**Task item:**
Drop every picture and copy exactly the lines from the one with "this 1600×1200 image." through the last line of the listing below.
BEGIN
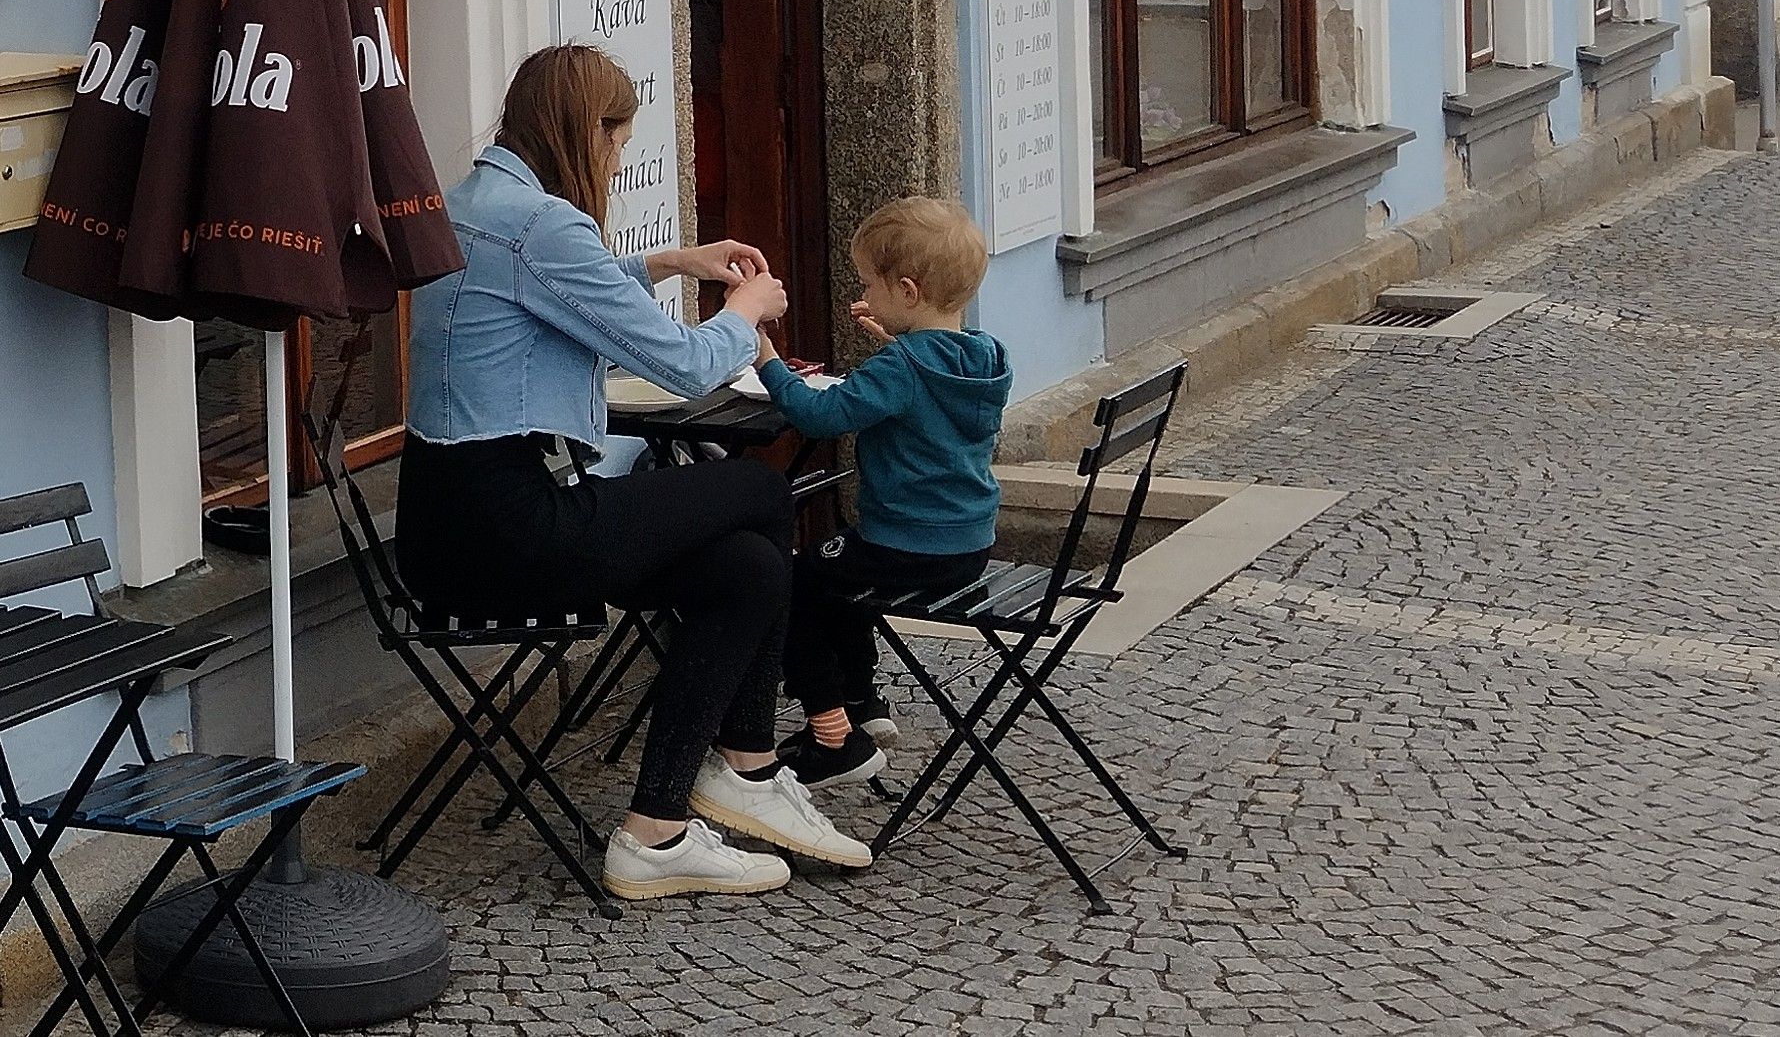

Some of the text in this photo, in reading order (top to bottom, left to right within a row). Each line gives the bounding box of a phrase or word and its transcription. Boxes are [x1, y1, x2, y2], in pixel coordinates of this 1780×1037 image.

[353, 6, 406, 92] ol
[994, 42, 1005, 63] St
[998, 148, 1008, 168] So
[425, 194, 443, 211] CO
[83, 217, 109, 236] CO
[228, 219, 254, 239] ČO
[261, 227, 323, 254] RIEŠIŤ
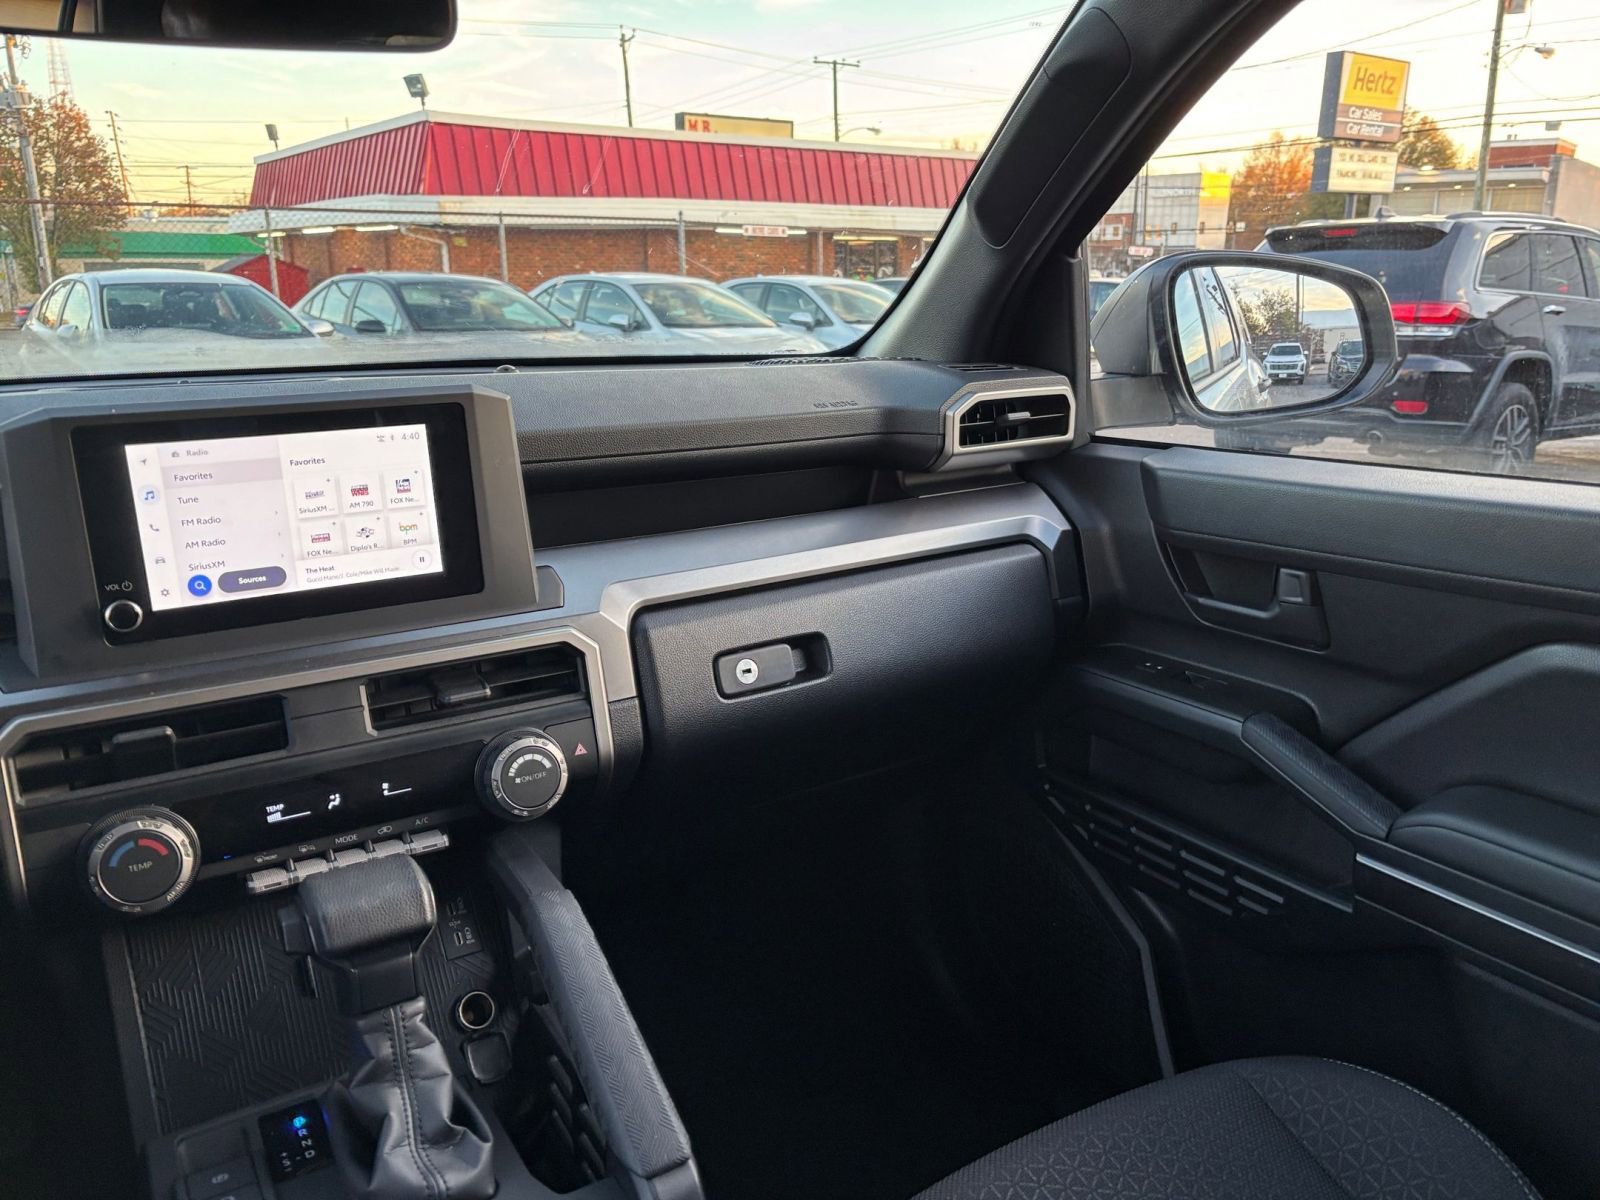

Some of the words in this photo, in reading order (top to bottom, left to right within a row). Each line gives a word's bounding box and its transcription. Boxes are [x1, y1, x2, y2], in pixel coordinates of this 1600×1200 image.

[1353, 66, 1397, 95] Hertz
[1349, 107, 1361, 118] Car
[1362, 108, 1383, 121] Sales
[1346, 123, 1360, 135] Car
[401, 432, 420, 440] 4:40
[186, 449, 209, 457] Radio
[290, 457, 326, 466] Favorites
[174, 472, 213, 482] Favorites
[178, 496, 199, 505] Tune
[362, 500, 374, 508] 790
[299, 505, 328, 514] SiriusXM
[181, 519, 195, 527] FM
[196, 516, 222, 526] Radio
[185, 541, 200, 549] AM
[201, 538, 226, 547] Radio
[188, 560, 226, 571] SiriusXM
[306, 567, 320, 575] The
[321, 565, 335, 573] Heat
[238, 575, 267, 585] Sources
[520, 771, 547, 783] ON/OFF
[265, 803, 284, 813] TEMP
[415, 816, 429, 826] A/C
[335, 833, 359, 844] MODE
[128, 861, 153, 872] TEMP
[304, 1150, 315, 1159] D
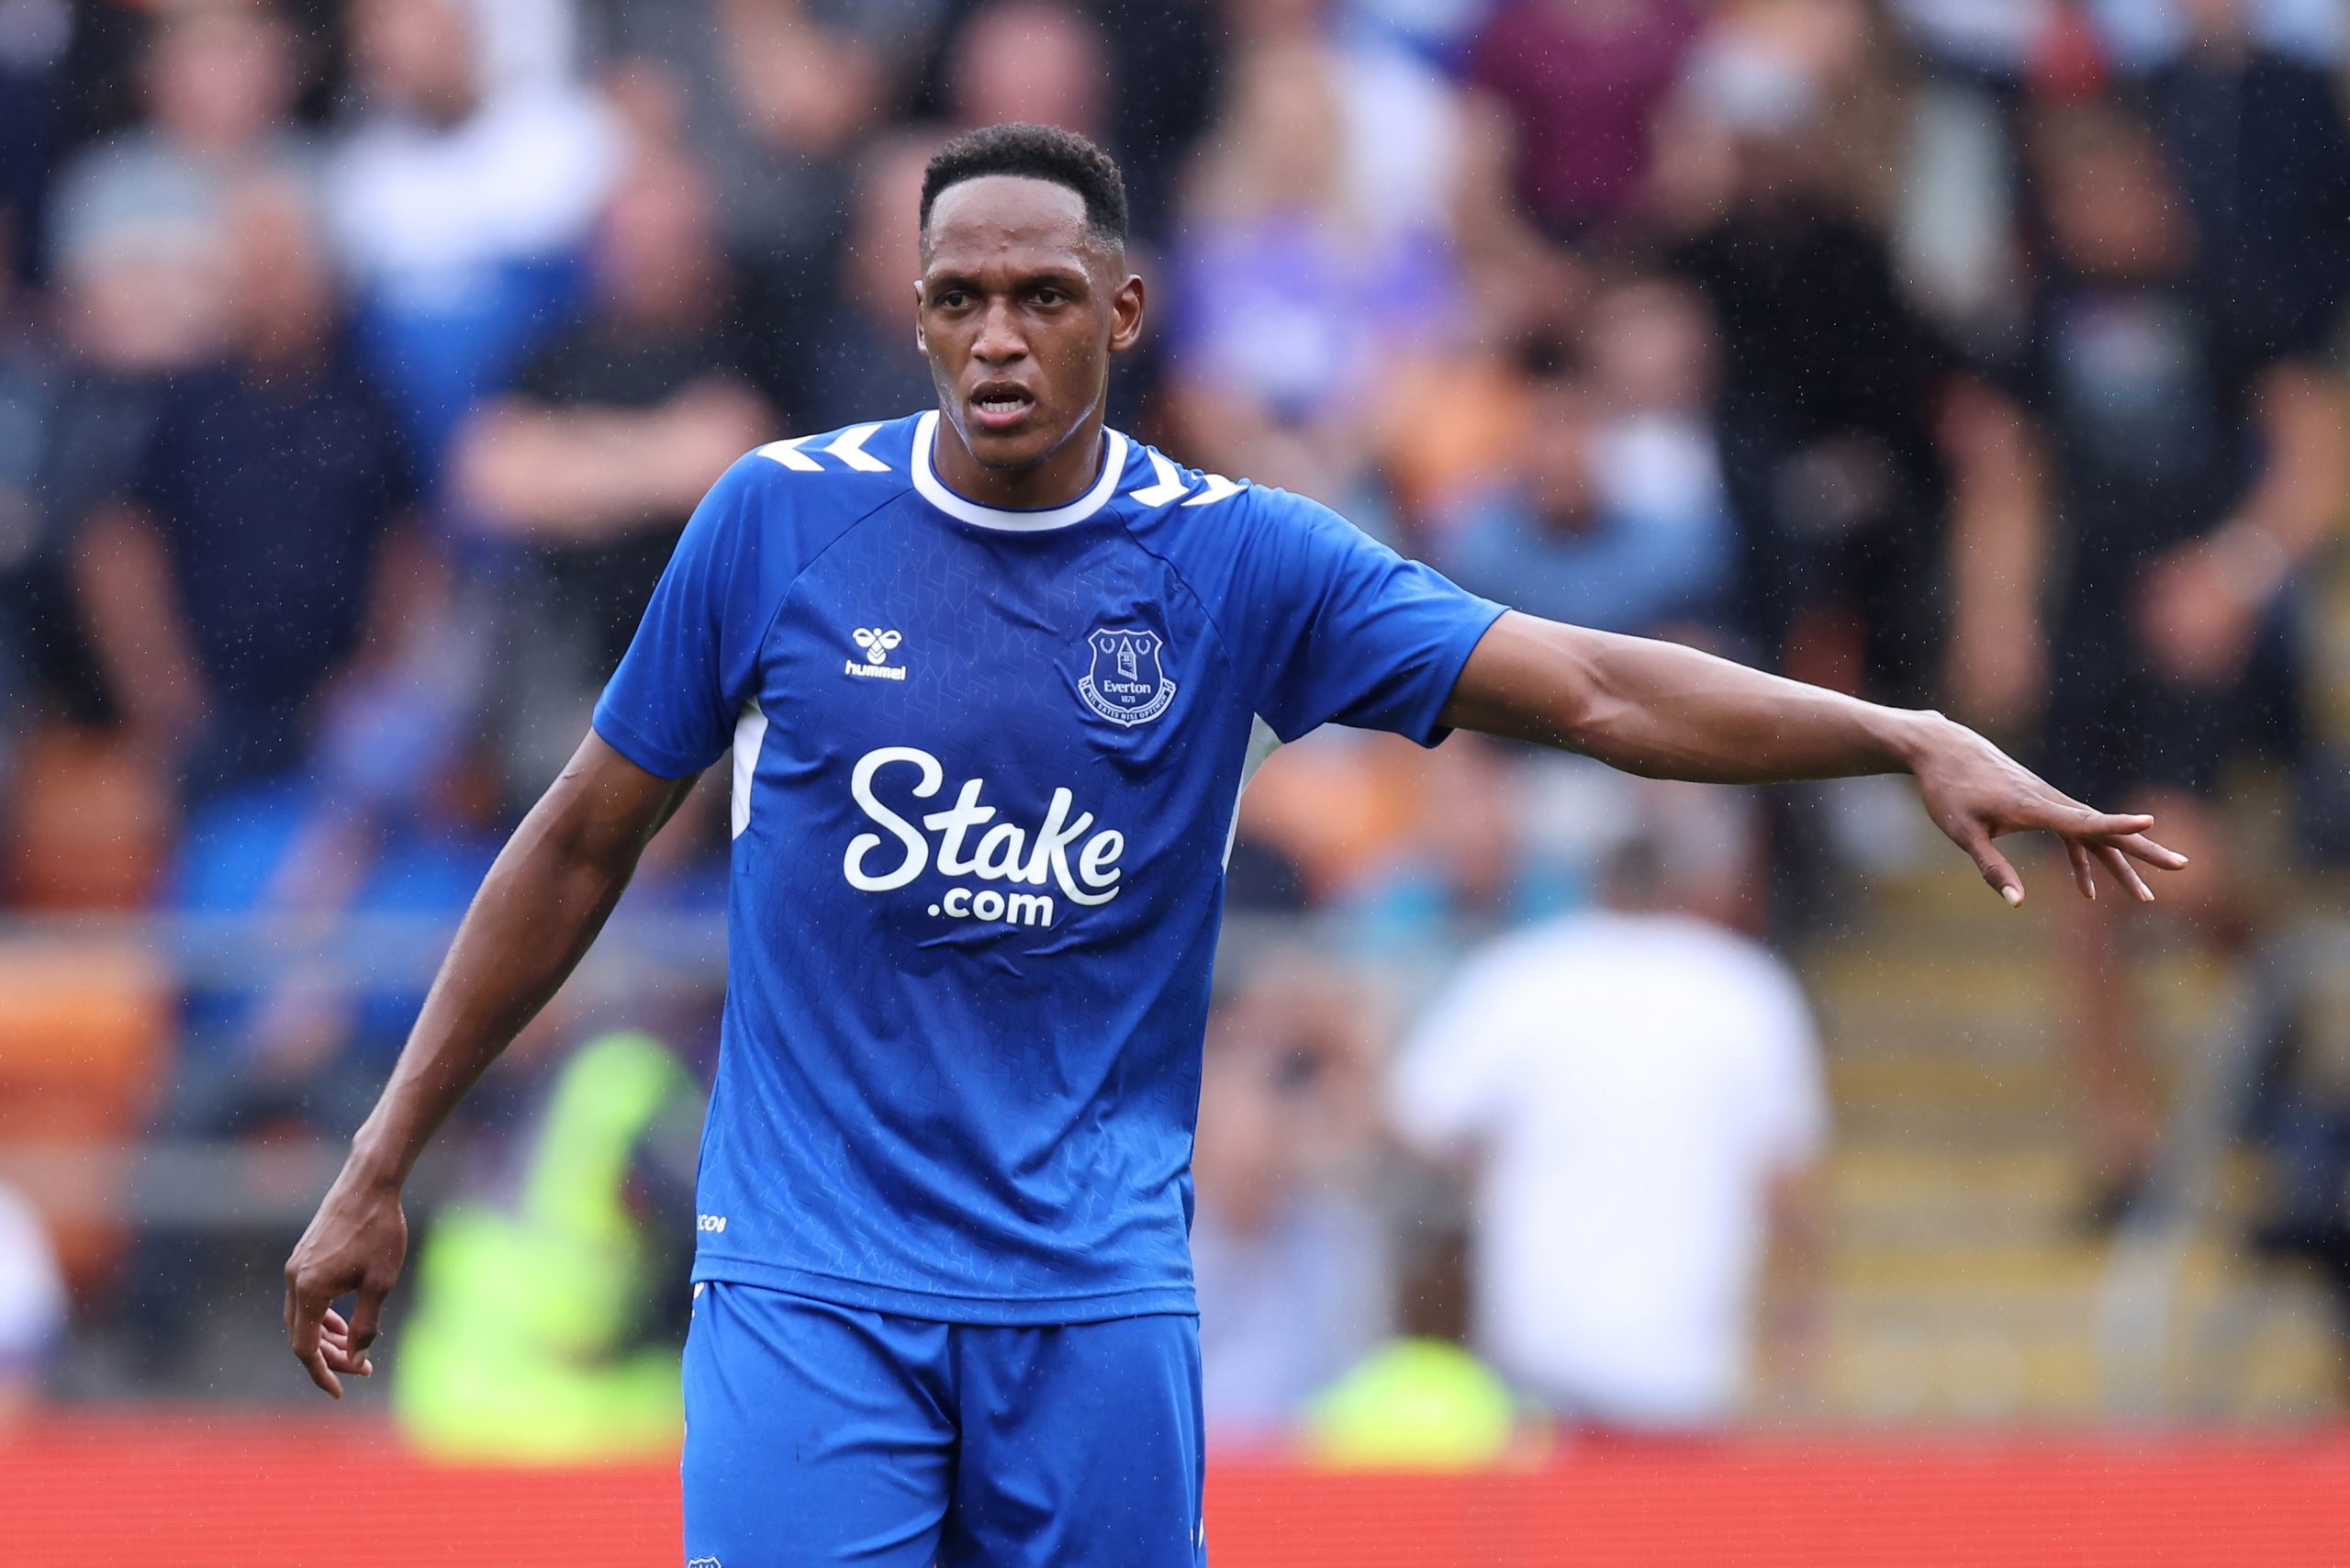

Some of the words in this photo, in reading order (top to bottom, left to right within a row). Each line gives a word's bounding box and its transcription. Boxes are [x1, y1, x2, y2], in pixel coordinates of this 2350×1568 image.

[845, 659, 906, 681] hummel
[1103, 679, 1152, 694] Everton
[1121, 695, 1136, 704] 1878
[1086, 690, 1097, 706] NIL
[1097, 701, 1120, 719] SATIS
[1120, 712, 1138, 721] NISI
[844, 746, 1125, 906] Stake
[927, 887, 1055, 928] .com
END
**Response to the exercise:**
Some of the words in this photo, in reading order (top to bottom, left to right within a row). Each line gives a word's bounding box and its transcription. Boxes are [x1, y1, x2, y2], in pixel coordinates of this 1600×1200 image.

[1353, 66, 1397, 95] Hertz
[1349, 107, 1361, 118] Car
[1362, 108, 1383, 121] Sales
[1346, 123, 1360, 135] Car
[401, 432, 420, 440] 4:40
[186, 449, 209, 457] Radio
[290, 457, 326, 466] Favorites
[174, 472, 213, 482] Favorites
[178, 496, 199, 505] Tune
[362, 500, 374, 508] 790
[299, 505, 328, 514] SiriusXM
[181, 519, 195, 527] FM
[196, 516, 222, 526] Radio
[185, 541, 200, 549] AM
[201, 538, 226, 547] Radio
[188, 560, 226, 571] SiriusXM
[306, 567, 320, 575] The
[321, 565, 335, 573] Heat
[238, 575, 267, 585] Sources
[520, 771, 547, 783] ON/OFF
[265, 803, 284, 813] TEMP
[415, 816, 429, 826] A/C
[335, 833, 359, 844] MODE
[128, 861, 153, 872] TEMP
[304, 1150, 315, 1159] D

Some of the words in this photo, in reading order (top to bottom, left to right within a row). Each line gives a word's bounding box and its transcription. Boxes are [x1, y1, x2, y2], in pixel coordinates of this 2350×1568 image.

[845, 659, 906, 681] hummel
[1103, 679, 1152, 694] Everton
[1121, 695, 1136, 704] 1878
[1086, 690, 1097, 706] NIL
[1097, 701, 1120, 719] SATIS
[1120, 712, 1138, 721] NISI
[844, 746, 1125, 906] Stake
[927, 887, 1055, 928] .com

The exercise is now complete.